EXERCISE REQUIREMENTS → A faithful repeat of all the records, with no image kept, is the required answer.

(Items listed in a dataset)

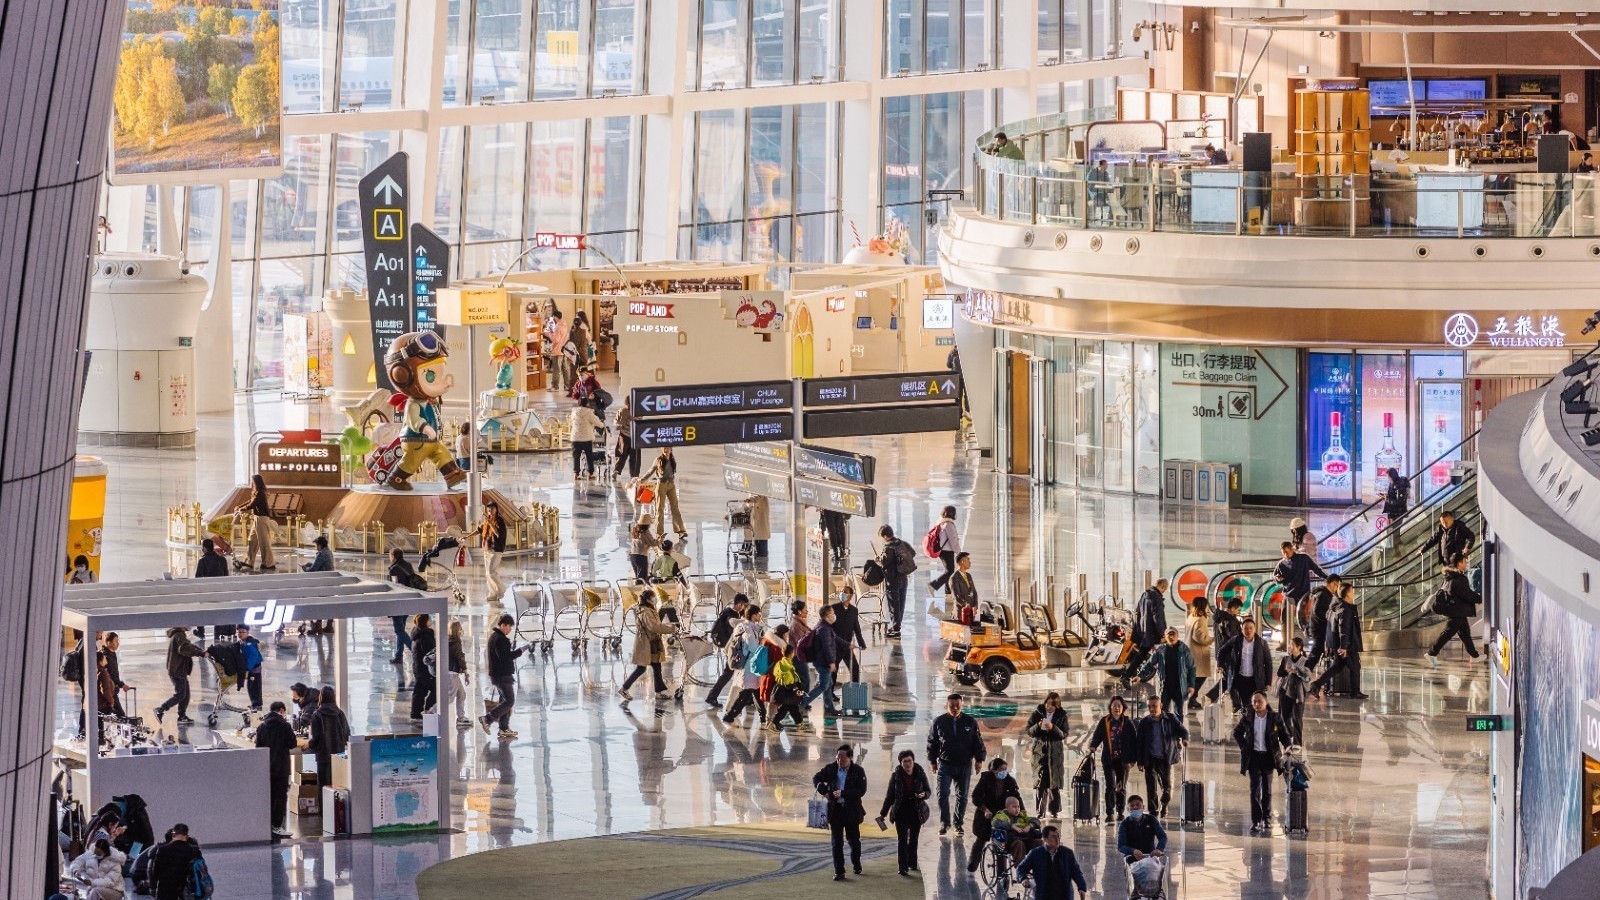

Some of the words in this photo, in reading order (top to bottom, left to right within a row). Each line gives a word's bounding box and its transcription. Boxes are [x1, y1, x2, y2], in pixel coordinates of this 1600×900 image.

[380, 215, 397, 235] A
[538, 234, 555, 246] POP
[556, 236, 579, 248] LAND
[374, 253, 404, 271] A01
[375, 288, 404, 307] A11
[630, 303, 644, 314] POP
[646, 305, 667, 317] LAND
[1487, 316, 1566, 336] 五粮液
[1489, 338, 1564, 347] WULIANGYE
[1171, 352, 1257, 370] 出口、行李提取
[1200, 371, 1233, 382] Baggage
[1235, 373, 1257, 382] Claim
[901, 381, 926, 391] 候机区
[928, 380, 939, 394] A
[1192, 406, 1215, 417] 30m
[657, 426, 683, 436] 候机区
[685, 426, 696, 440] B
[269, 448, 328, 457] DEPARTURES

RESULT OF THIS TASK →
Some of the words in this photo, in reading order (top to bottom, left to right within a row). Each line gives a word's bounding box and its transcription. Boxes are [x1, y1, x2, y2], in pixel coordinates of this 1600×900 image.

[380, 215, 397, 235] A
[538, 234, 555, 246] POP
[556, 236, 579, 248] LAND
[374, 253, 404, 271] A01
[375, 288, 404, 307] A11
[630, 303, 644, 314] POP
[646, 305, 667, 317] LAND
[1487, 316, 1566, 336] 五粮液
[1489, 338, 1564, 347] WULIANGYE
[1171, 352, 1257, 370] 出口、行李提取
[1200, 371, 1233, 382] Baggage
[1235, 373, 1257, 382] Claim
[901, 381, 926, 391] 候机区
[928, 380, 939, 394] A
[1192, 406, 1215, 417] 30m
[657, 426, 683, 436] 候机区
[685, 426, 696, 440] B
[269, 448, 328, 457] DEPARTURES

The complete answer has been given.